No fundamental reform, no sweeping changes, not even some of the other ideas (low-income seniors, "highest and best use," etc.) originally proposed for this session. Maybe it was too much to ask. After all, the Legislature was meeting only to decide what to do about the "super-homestead" exemption that a court had thrown off the Jan. 29 ballot.
So we end up with a mini-menu of a few more tax breaks:
* "Doubling" the homestead exemption from $25,000 to $50,000. I use the quote marks because school taxes aren't affected. But saying "double" is easier than saying, "increasing the exemption by roughly 60 percent."
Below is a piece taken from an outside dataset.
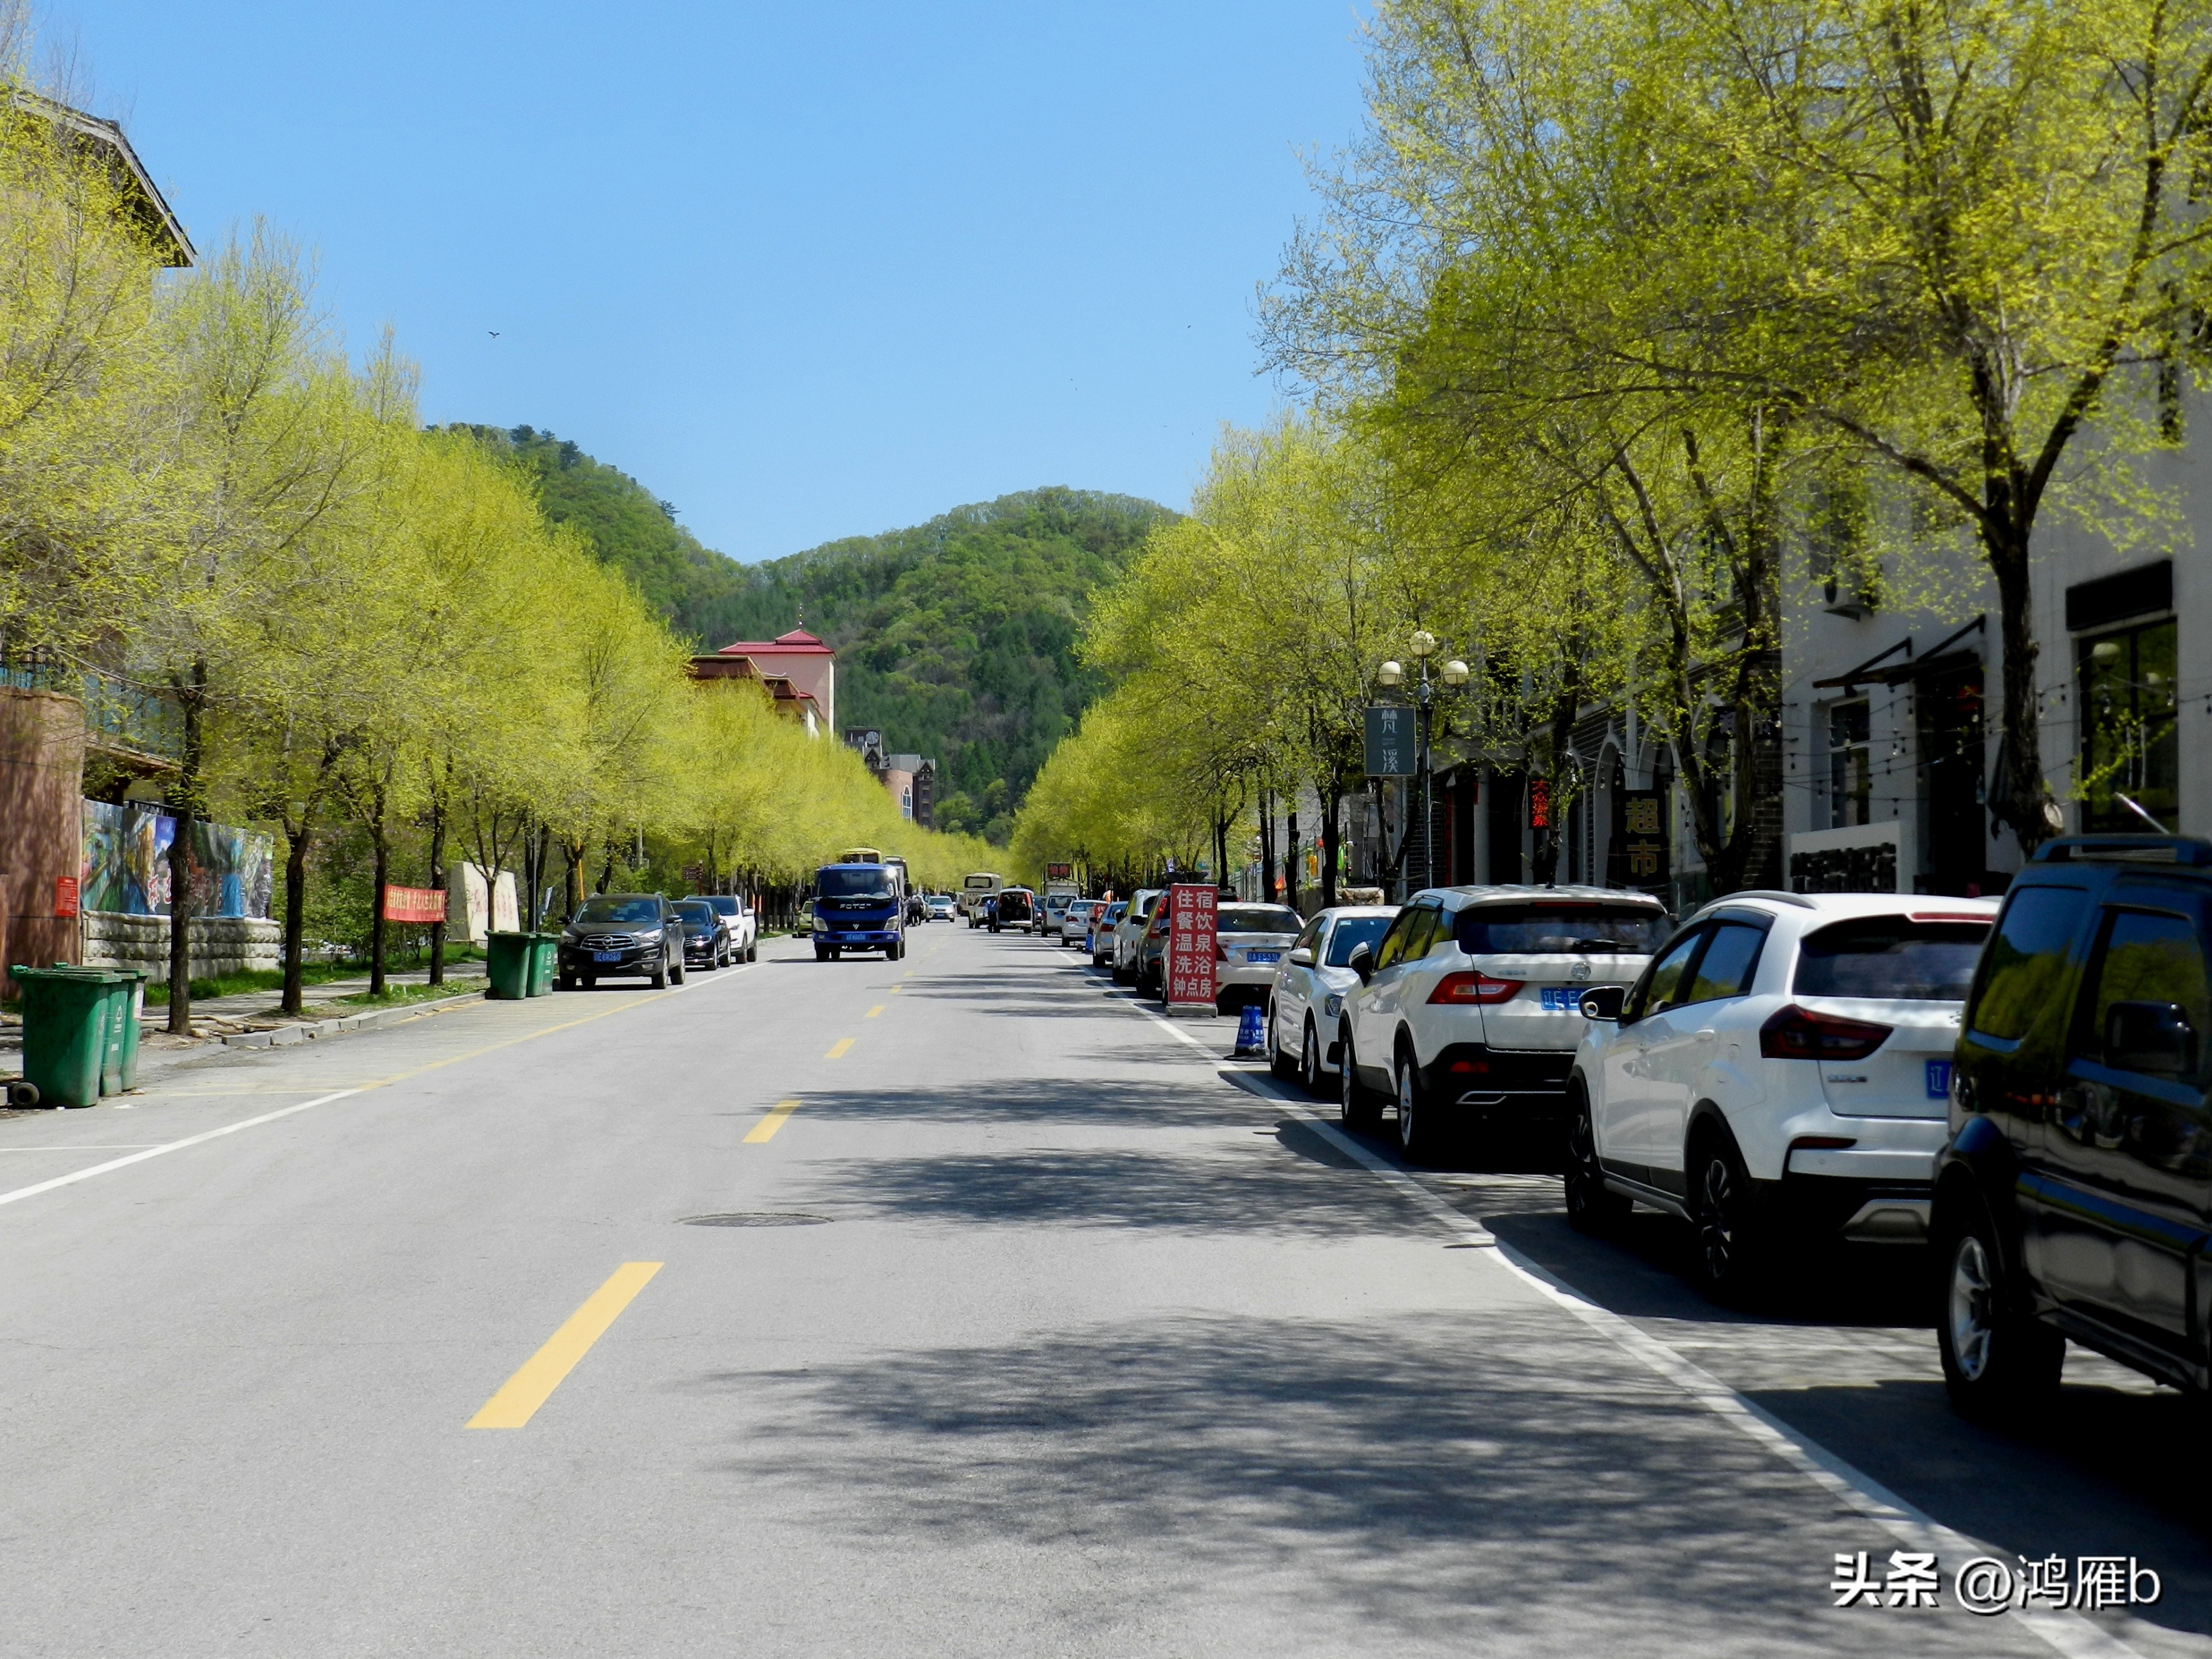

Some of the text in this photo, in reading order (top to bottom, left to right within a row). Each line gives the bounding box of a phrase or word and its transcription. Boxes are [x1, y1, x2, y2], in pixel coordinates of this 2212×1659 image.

* Making the homestead tax break "portable" when an owner moves to a new home, for tax breaks of up to $500,000. This does address one of the biggest complaints about our existing set-up, than people feel "trapped" in their current home.
* Putting a cap of 10 percent on how much property values can go up each year for non-homestead property. This cap is a lot weaker than originally proposed. Supposedly, this at least gives business owners some stability -- but this cap doesn't cover school taxes either. So your value increase would be capped at 10 percent for NON-school taxes, but uncapped for school taxes...
* A tax break for the first $25,000 worth of tangible personal property, which would primarily benefit business in the state.
If you're looking for a deeper, systemic reform, then look either to the annual session of the Legislature in the spring, to see if Speaker Marco Rubio has deeper ambitions, or else to the state's tax and budget reform commission.
This Legislature, at this time, has proved either unable or unwilling to do anything further.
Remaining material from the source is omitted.